Work instructions: Before copying, set the pictures aside; then repeat every line below verbatim.

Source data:

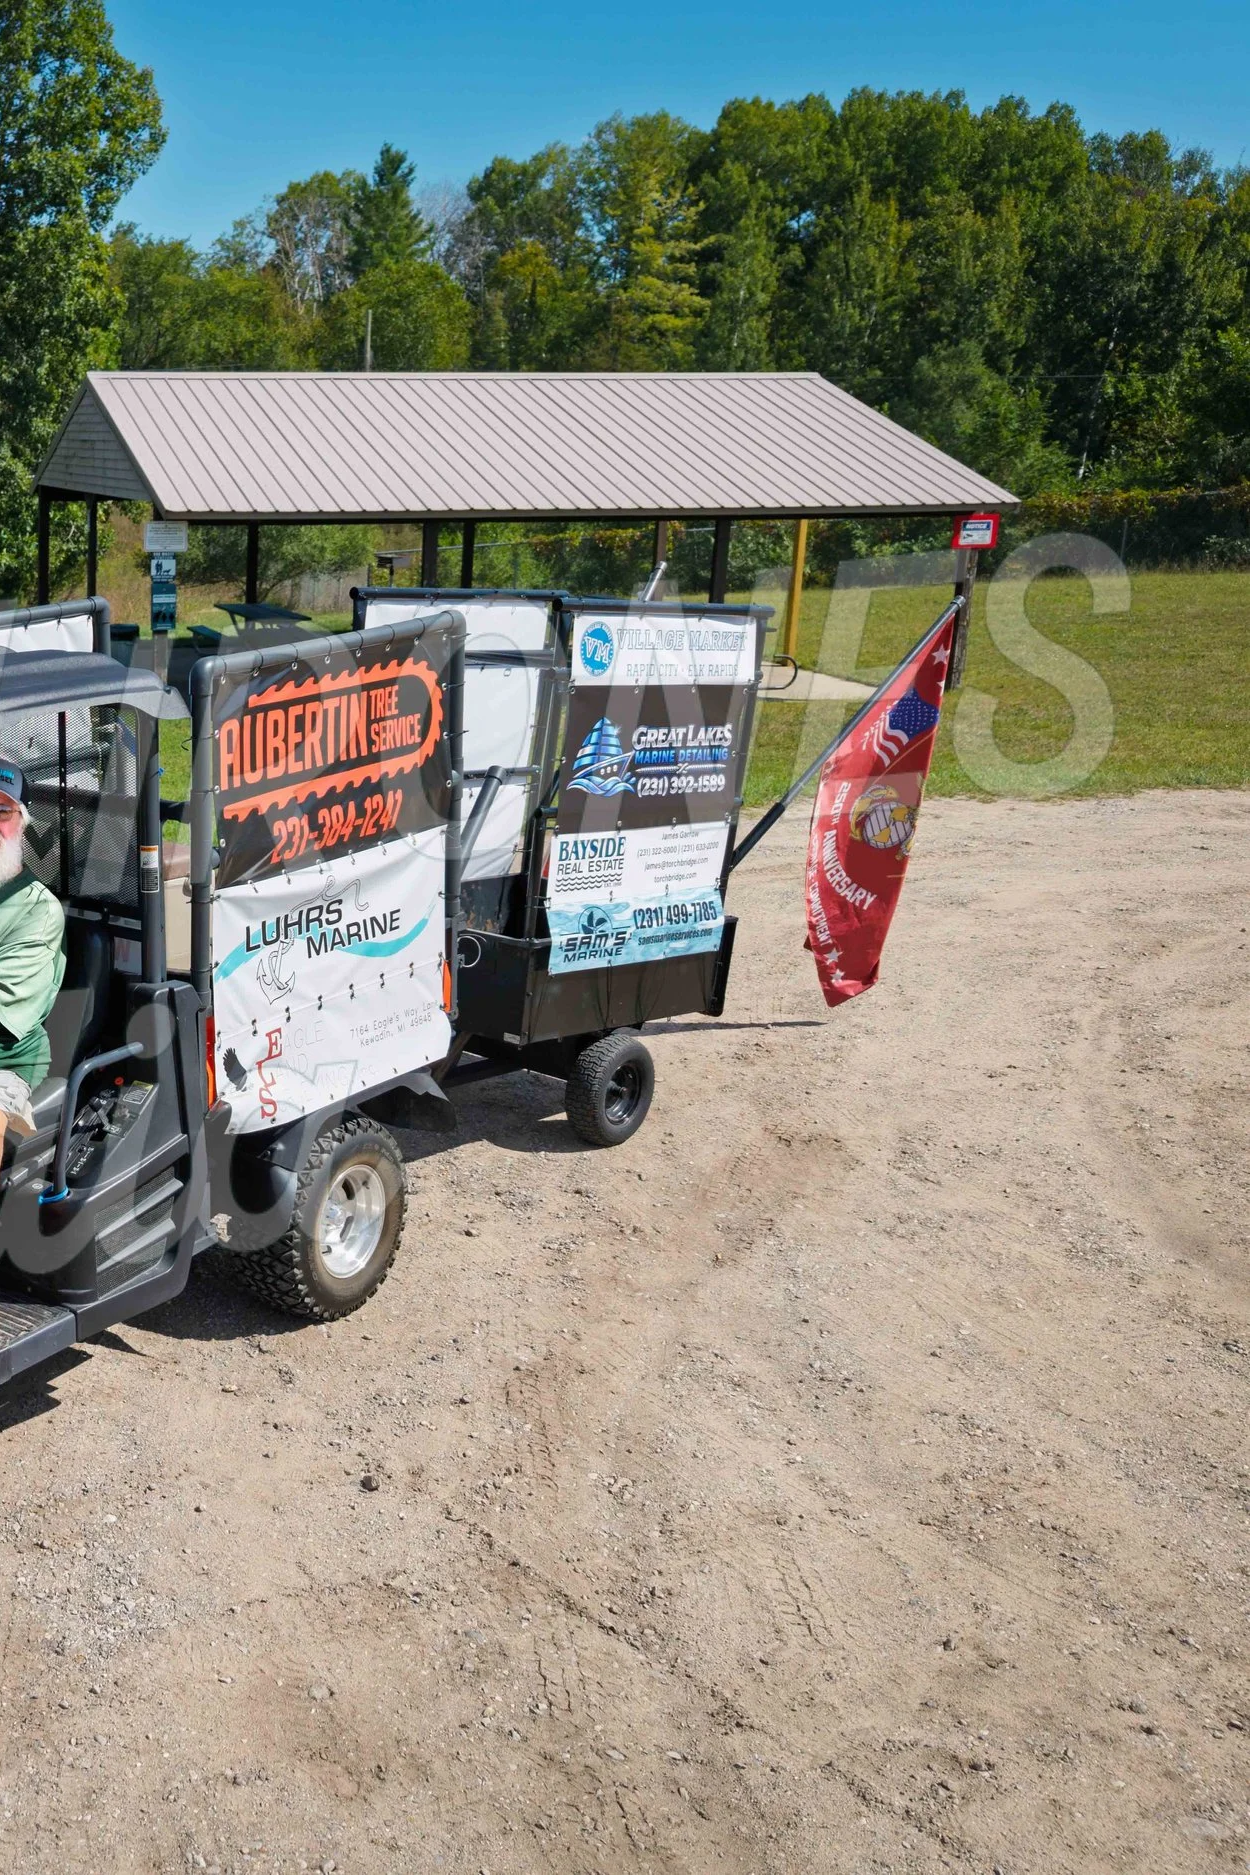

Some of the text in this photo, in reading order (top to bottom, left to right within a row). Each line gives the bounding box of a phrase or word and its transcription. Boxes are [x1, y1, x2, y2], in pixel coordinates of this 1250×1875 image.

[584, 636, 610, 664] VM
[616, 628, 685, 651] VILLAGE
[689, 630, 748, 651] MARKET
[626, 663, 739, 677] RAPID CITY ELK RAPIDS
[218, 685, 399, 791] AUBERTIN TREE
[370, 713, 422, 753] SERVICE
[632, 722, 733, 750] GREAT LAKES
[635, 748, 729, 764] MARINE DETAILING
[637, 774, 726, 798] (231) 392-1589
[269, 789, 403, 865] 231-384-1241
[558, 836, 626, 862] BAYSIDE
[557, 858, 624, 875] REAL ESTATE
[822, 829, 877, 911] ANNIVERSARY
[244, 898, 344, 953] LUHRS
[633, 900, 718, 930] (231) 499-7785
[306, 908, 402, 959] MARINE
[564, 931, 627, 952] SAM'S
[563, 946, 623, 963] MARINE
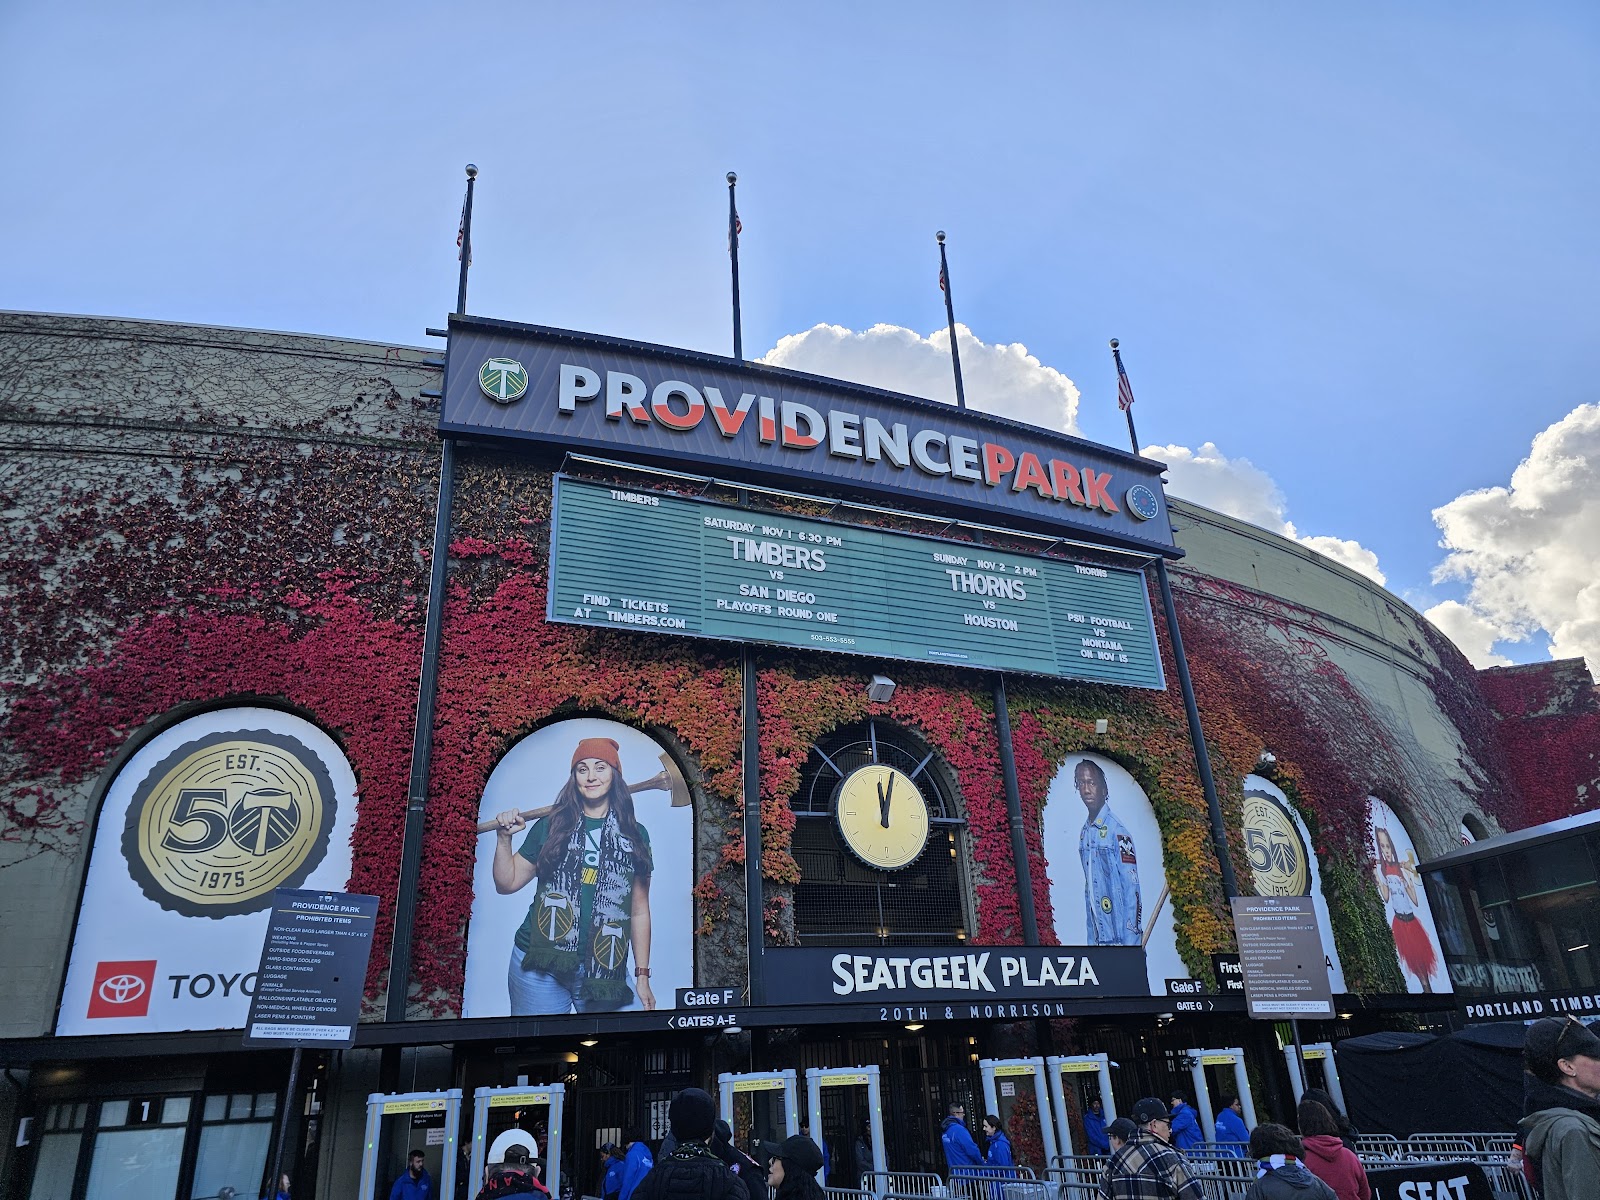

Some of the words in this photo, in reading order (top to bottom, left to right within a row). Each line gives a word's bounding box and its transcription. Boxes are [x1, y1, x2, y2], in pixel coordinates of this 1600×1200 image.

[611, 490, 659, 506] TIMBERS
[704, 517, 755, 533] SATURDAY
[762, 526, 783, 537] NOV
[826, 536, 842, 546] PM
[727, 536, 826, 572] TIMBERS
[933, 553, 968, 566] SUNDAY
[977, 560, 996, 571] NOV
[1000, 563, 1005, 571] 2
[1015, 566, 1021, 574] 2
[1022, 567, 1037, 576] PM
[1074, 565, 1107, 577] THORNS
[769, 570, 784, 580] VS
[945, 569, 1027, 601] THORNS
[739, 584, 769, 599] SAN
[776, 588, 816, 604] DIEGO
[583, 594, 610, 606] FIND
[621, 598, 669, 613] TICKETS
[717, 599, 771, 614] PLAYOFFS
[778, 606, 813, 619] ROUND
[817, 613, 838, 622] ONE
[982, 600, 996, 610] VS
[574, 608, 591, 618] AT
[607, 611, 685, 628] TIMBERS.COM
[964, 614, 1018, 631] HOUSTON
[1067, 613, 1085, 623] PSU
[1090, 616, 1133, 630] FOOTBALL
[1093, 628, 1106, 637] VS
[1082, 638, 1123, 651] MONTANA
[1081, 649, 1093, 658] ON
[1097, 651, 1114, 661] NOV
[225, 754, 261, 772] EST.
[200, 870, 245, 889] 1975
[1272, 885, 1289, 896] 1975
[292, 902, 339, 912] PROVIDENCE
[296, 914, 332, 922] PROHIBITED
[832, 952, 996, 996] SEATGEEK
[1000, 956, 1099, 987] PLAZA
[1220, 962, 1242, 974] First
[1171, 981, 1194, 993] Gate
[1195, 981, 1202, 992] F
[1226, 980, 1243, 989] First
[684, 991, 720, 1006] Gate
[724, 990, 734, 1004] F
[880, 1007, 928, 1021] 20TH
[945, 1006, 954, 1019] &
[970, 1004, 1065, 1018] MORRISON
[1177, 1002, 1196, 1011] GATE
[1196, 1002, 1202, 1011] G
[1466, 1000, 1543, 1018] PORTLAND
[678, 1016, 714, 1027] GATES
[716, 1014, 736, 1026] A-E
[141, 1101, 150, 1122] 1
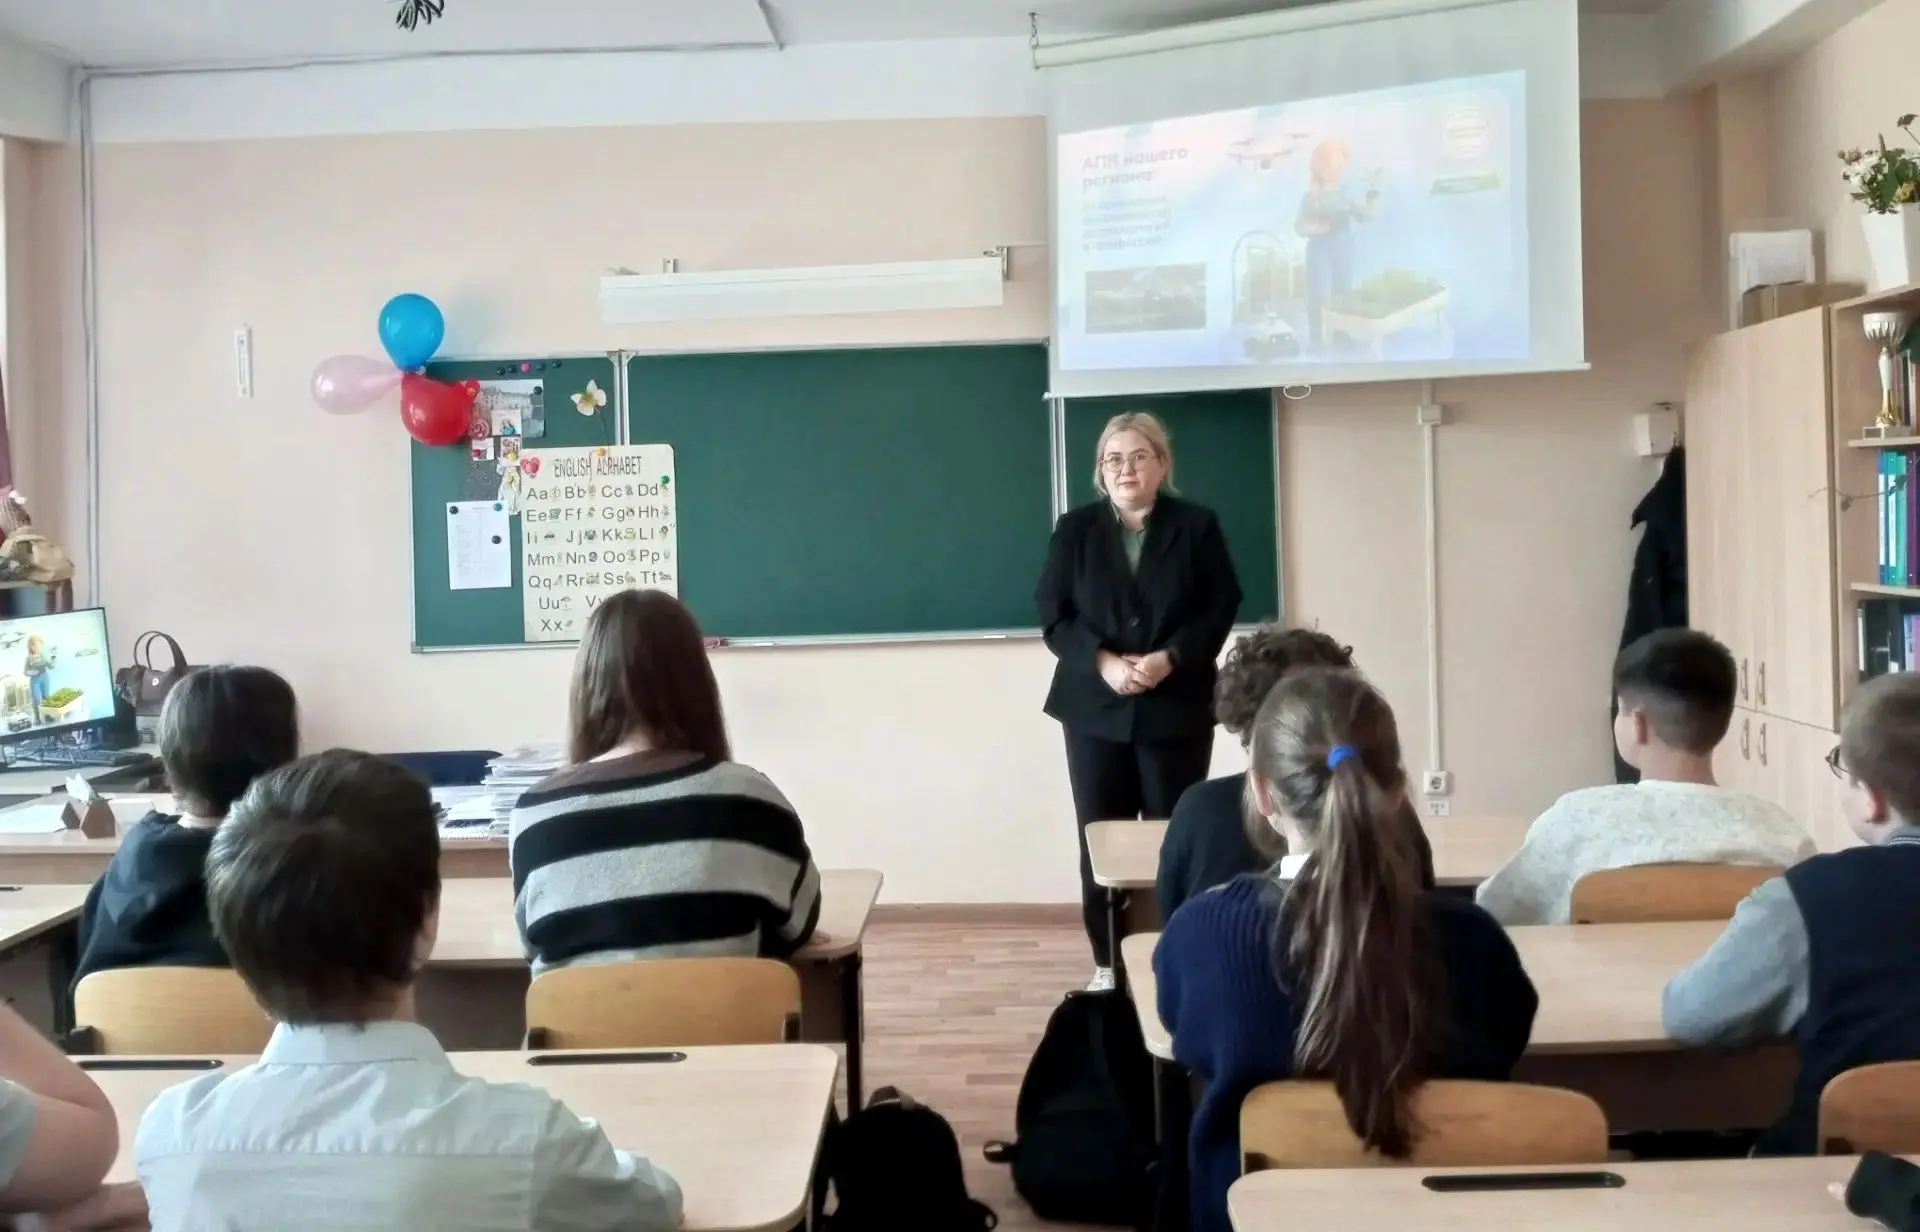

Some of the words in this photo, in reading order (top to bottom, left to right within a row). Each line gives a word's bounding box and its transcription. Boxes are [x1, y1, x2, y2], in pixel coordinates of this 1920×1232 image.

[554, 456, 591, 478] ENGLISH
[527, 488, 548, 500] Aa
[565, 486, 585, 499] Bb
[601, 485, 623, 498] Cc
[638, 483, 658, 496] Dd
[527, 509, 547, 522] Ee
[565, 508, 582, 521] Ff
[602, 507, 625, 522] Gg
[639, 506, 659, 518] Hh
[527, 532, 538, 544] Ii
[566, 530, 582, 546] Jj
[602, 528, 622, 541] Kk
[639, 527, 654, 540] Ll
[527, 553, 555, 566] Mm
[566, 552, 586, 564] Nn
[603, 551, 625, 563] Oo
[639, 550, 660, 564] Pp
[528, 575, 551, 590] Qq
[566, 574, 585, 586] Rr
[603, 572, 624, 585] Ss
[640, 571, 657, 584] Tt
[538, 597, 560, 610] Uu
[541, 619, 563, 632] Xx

Output for this task:
Some of the text in this photo, in reading order (top to bottom, left to right within a row). Each line gives the bounding box of a phrase or word and its transcription. Boxes are [x1, y1, x2, y2], in pixel coordinates of this 1250×1875 image.

[584, 636, 610, 664] VM
[616, 628, 685, 651] VILLAGE
[689, 630, 748, 651] MARKET
[626, 663, 739, 677] RAPID CITY ELK RAPIDS
[218, 685, 399, 791] AUBERTIN TREE
[370, 713, 422, 753] SERVICE
[632, 722, 733, 750] GREAT LAKES
[635, 748, 729, 764] MARINE DETAILING
[637, 774, 726, 798] (231) 392-1589
[269, 789, 403, 865] 231-384-1241
[558, 836, 626, 862] BAYSIDE
[557, 858, 624, 875] REAL ESTATE
[822, 829, 877, 911] ANNIVERSARY
[244, 898, 344, 953] LUHRS
[633, 900, 718, 930] (231) 499-7785
[306, 908, 402, 959] MARINE
[564, 931, 627, 952] SAM'S
[563, 946, 623, 963] MARINE

Some of the words in this photo, in reading order (top to bottom, left to right within a row). Each line gives a word's bounding box and its transcription. Boxes are [x1, y1, x2, y2], in pixel coordinates of this 1600×1200 image.

[611, 490, 659, 506] TIMBERS
[704, 517, 755, 533] SATURDAY
[762, 526, 783, 537] NOV
[826, 536, 842, 546] PM
[727, 536, 826, 572] TIMBERS
[933, 553, 968, 566] SUNDAY
[977, 560, 996, 571] NOV
[1000, 563, 1005, 571] 2
[1015, 566, 1021, 574] 2
[1022, 567, 1037, 576] PM
[1074, 565, 1107, 577] THORNS
[769, 570, 784, 580] VS
[945, 569, 1027, 601] THORNS
[739, 584, 769, 599] SAN
[776, 588, 816, 604] DIEGO
[583, 594, 610, 606] FIND
[621, 598, 669, 613] TICKETS
[717, 599, 771, 614] PLAYOFFS
[778, 606, 813, 619] ROUND
[817, 613, 838, 622] ONE
[982, 600, 996, 610] VS
[574, 608, 591, 618] AT
[607, 611, 685, 628] TIMBERS.COM
[964, 614, 1018, 631] HOUSTON
[1067, 613, 1085, 623] PSU
[1090, 616, 1133, 630] FOOTBALL
[1093, 628, 1106, 637] VS
[1082, 638, 1123, 651] MONTANA
[1081, 649, 1093, 658] ON
[1097, 651, 1114, 661] NOV
[225, 754, 261, 772] EST.
[200, 870, 245, 889] 1975
[1272, 885, 1289, 896] 1975
[292, 902, 339, 912] PROVIDENCE
[296, 914, 332, 922] PROHIBITED
[832, 952, 996, 996] SEATGEEK
[1000, 956, 1099, 987] PLAZA
[1220, 962, 1242, 974] First
[1171, 981, 1194, 993] Gate
[1195, 981, 1202, 992] F
[1226, 980, 1243, 989] First
[684, 991, 720, 1006] Gate
[724, 990, 734, 1004] F
[880, 1007, 928, 1021] 20TH
[945, 1006, 954, 1019] &
[970, 1004, 1065, 1018] MORRISON
[1177, 1002, 1196, 1011] GATE
[1196, 1002, 1202, 1011] G
[1466, 1000, 1543, 1018] PORTLAND
[678, 1016, 714, 1027] GATES
[716, 1014, 736, 1026] A-E
[141, 1101, 150, 1122] 1

Some of the words in this photo, in reading order (top to bottom, left to right within a row). Each line gives a word's bounding box and its transcription. Boxes are [x1, y1, x2, y2], in pixel coordinates of this 1920×1232 image.

[554, 456, 591, 478] ENGLISH
[527, 488, 548, 500] Aa
[565, 486, 585, 499] Bb
[601, 485, 623, 498] Cc
[638, 483, 658, 496] Dd
[527, 509, 547, 522] Ee
[565, 508, 582, 521] Ff
[602, 507, 625, 522] Gg
[639, 506, 659, 518] Hh
[527, 532, 538, 544] Ii
[566, 530, 582, 546] Jj
[602, 528, 622, 541] Kk
[639, 527, 654, 540] Ll
[527, 553, 555, 566] Mm
[566, 552, 586, 564] Nn
[603, 551, 625, 563] Oo
[639, 550, 660, 564] Pp
[528, 575, 551, 590] Qq
[566, 574, 585, 586] Rr
[603, 572, 624, 585] Ss
[640, 571, 657, 584] Tt
[538, 597, 560, 610] Uu
[541, 619, 563, 632] Xx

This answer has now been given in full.